What do toilet fluids also contain?
The main components are formaldehyde, glutaraldehyde and quaternary ammonium compounds. Mind you, they also contain citric acid, fragrances, dyes and surfactants.
The first three substances are microbicides and aren’t exactly harmless. As well as triggering allergies, direct contact can cause irritation to the skin, eyes and respiratory tract, and even burns. It’s vital to read the safety instructions and avoid touching the fluids required for chemical toilets. In most cases, wearing gloves is recommended.
Another major drawback of quaternary ammonium compounds is that because they aren’t by any means completely eliminated in sewage treatment plants, substantial quantities enter surface water.
And what happens to the mixture of chemicals and excreta?

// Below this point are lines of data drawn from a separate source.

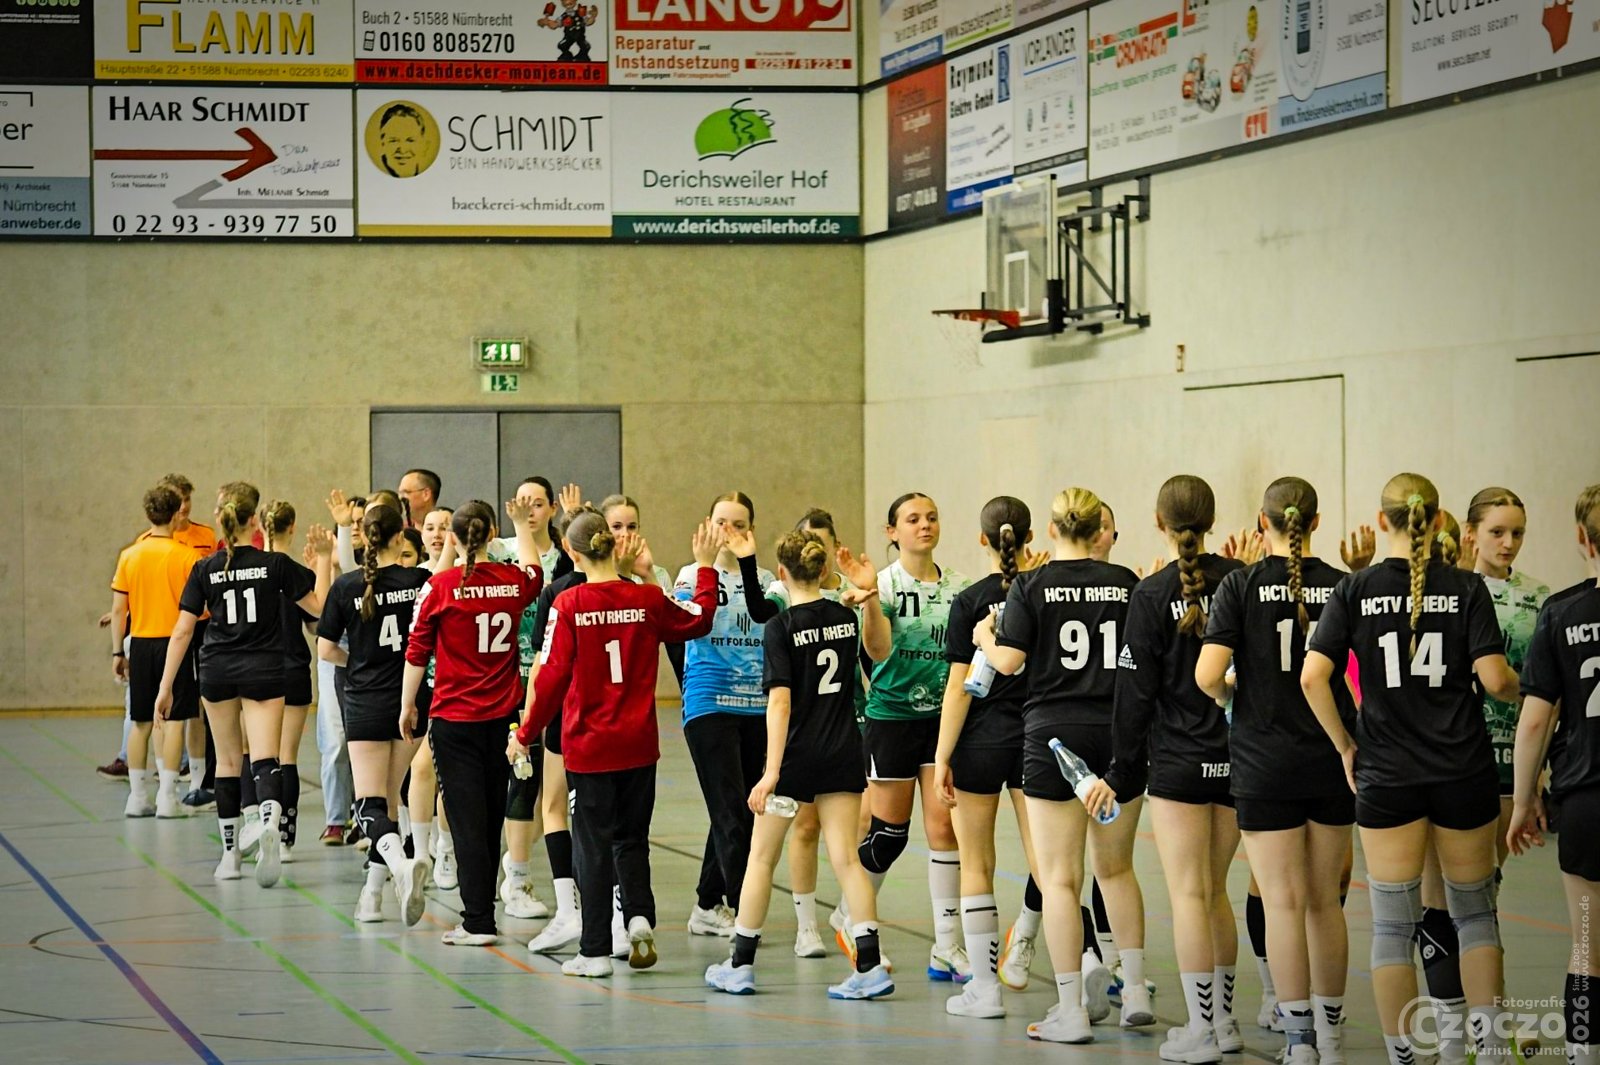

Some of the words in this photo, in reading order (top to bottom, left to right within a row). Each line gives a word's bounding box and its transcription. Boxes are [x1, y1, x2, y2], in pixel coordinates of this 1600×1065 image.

[127, 0, 314, 54] FLAMM
[362, 11, 390, 25] Buch
[394, 12, 401, 25] 2
[413, 12, 449, 25] 51588
[452, 12, 513, 26] Nümbrecht
[380, 31, 425, 52] 0160
[433, 33, 515, 53] 8085270
[616, 36, 695, 53] Reparatur
[101, 64, 163, 75] Hauptstraße
[166, 65, 179, 74] 22
[189, 66, 221, 75] 51588
[224, 66, 280, 76] Nümbrecht
[289, 68, 320, 77] 02293
[324, 68, 349, 77] 6240
[616, 55, 740, 72] Instandsetzung
[364, 64, 601, 82] www.dachdecker-monjean.de
[109, 96, 182, 121] HAAR
[192, 96, 310, 122] SCHMIDT
[0, 121, 33, 141] er
[448, 114, 603, 152] SCHMIDT
[450, 157, 477, 170] DEIN
[482, 157, 602, 171] HANDWERKSBÄCKER
[643, 170, 784, 189] Derichsweiler
[792, 170, 828, 189] Hof
[4, 199, 76, 212] Nümbrecht
[452, 197, 605, 211] baeckerei-schmidt.com
[675, 197, 714, 206] HOTEL
[718, 197, 795, 207] RESTAURANT
[112, 215, 126, 233] 0
[136, 215, 162, 233] 22
[172, 215, 198, 233] 93
[224, 215, 265, 233] 939
[275, 215, 300, 233] 77
[310, 215, 337, 233] 50
[633, 219, 840, 234] www.derichsweilerhof.de
[236, 567, 267, 581] RHEDE
[453, 586, 485, 600] HCTV
[486, 584, 519, 598] RHEDE
[1044, 587, 1081, 603] HCTV
[1085, 586, 1128, 602] RHEDE
[1301, 587, 1335, 604] RHE
[223, 587, 257, 624] 11
[354, 593, 383, 611] HV
[1361, 596, 1402, 616] HCTV
[575, 611, 605, 627] HCTV
[606, 608, 646, 624] RHEDE
[379, 614, 403, 652] 4
[475, 612, 512, 653] 12
[793, 627, 820, 647] HCTV
[823, 622, 856, 642] RHEDE
[711, 637, 725, 647] FIT
[1059, 620, 1117, 670] 91
[605, 639, 623, 683] 1
[899, 649, 917, 660] FIT
[1378, 631, 1447, 688] 14
[816, 648, 842, 694] 2

Some people think that once they’ve emptied the tank or cassette, everything’s hunky-dory. In fact, although owners of chemical toilets are acting correctly by emptying their tanks at sanitary disposal stations, few of us realize they’re connected to the regular sewerage system. And this means the faecal-chemical mixture ends up in a normal sewage treatment plant.

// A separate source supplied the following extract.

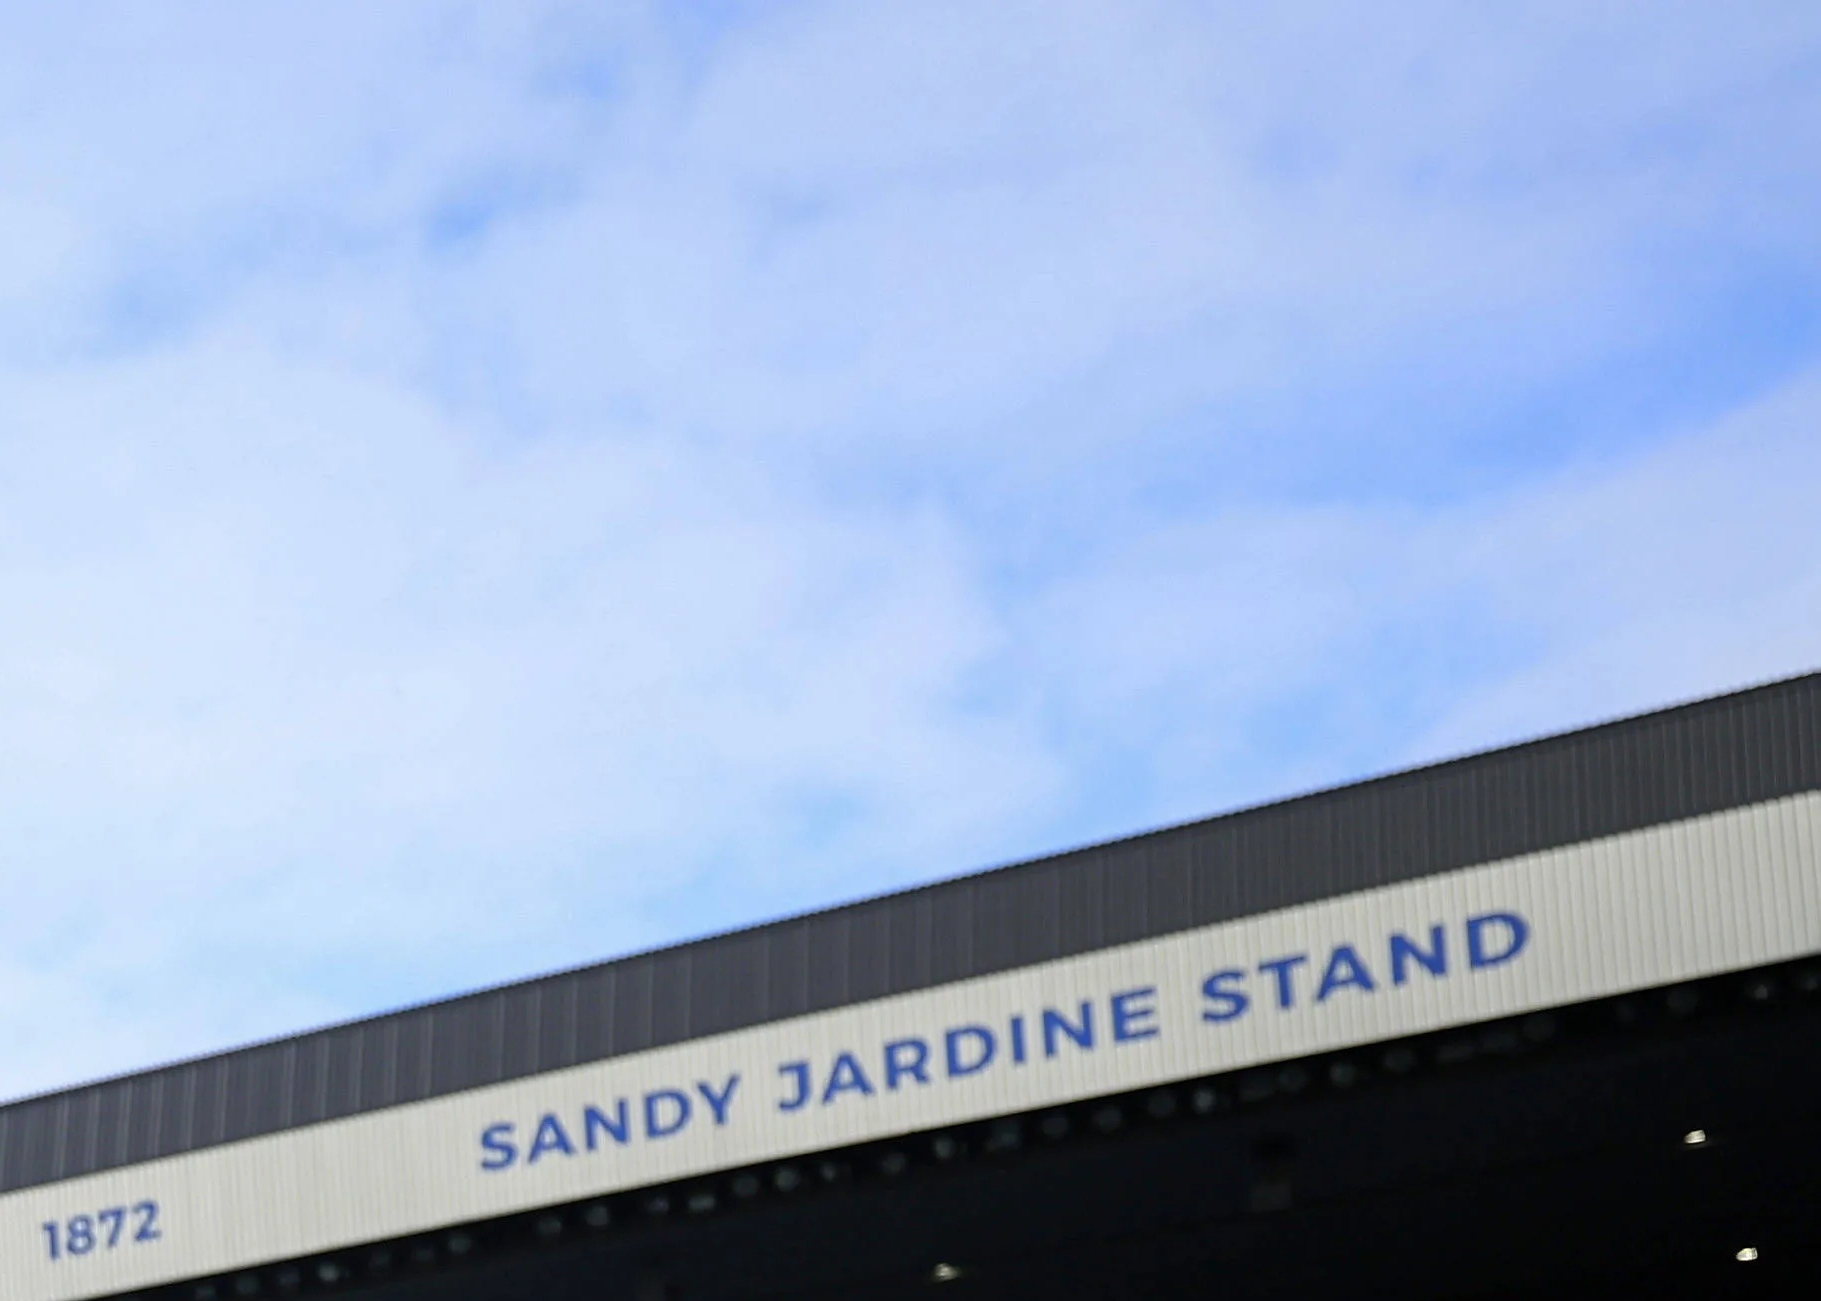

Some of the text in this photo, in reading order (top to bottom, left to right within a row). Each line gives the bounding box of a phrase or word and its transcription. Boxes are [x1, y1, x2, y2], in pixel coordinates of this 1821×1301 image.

If sewage plants are to work properly, if filtration and decomposition are to take place as planned, a sensitive ecosystem with active microorganisms is required. To avoid overloading this ecosystem or even killing it outright, a huge volume of water is needed to dilute the incoming sewage. The snag is that the microbicides contained in the toilet fluid don’t just destroy the ‘bad’ microorganisms – they also kill all the organisms that are essential for water treatment. Sewage treatment plants are often overwhelmed by the addition of these chemical cocktails. Sometimes the system is on the brink of collapse and the sewage winds up unfiltered in our rivers and lakes.
Beware of eco-friendly labels!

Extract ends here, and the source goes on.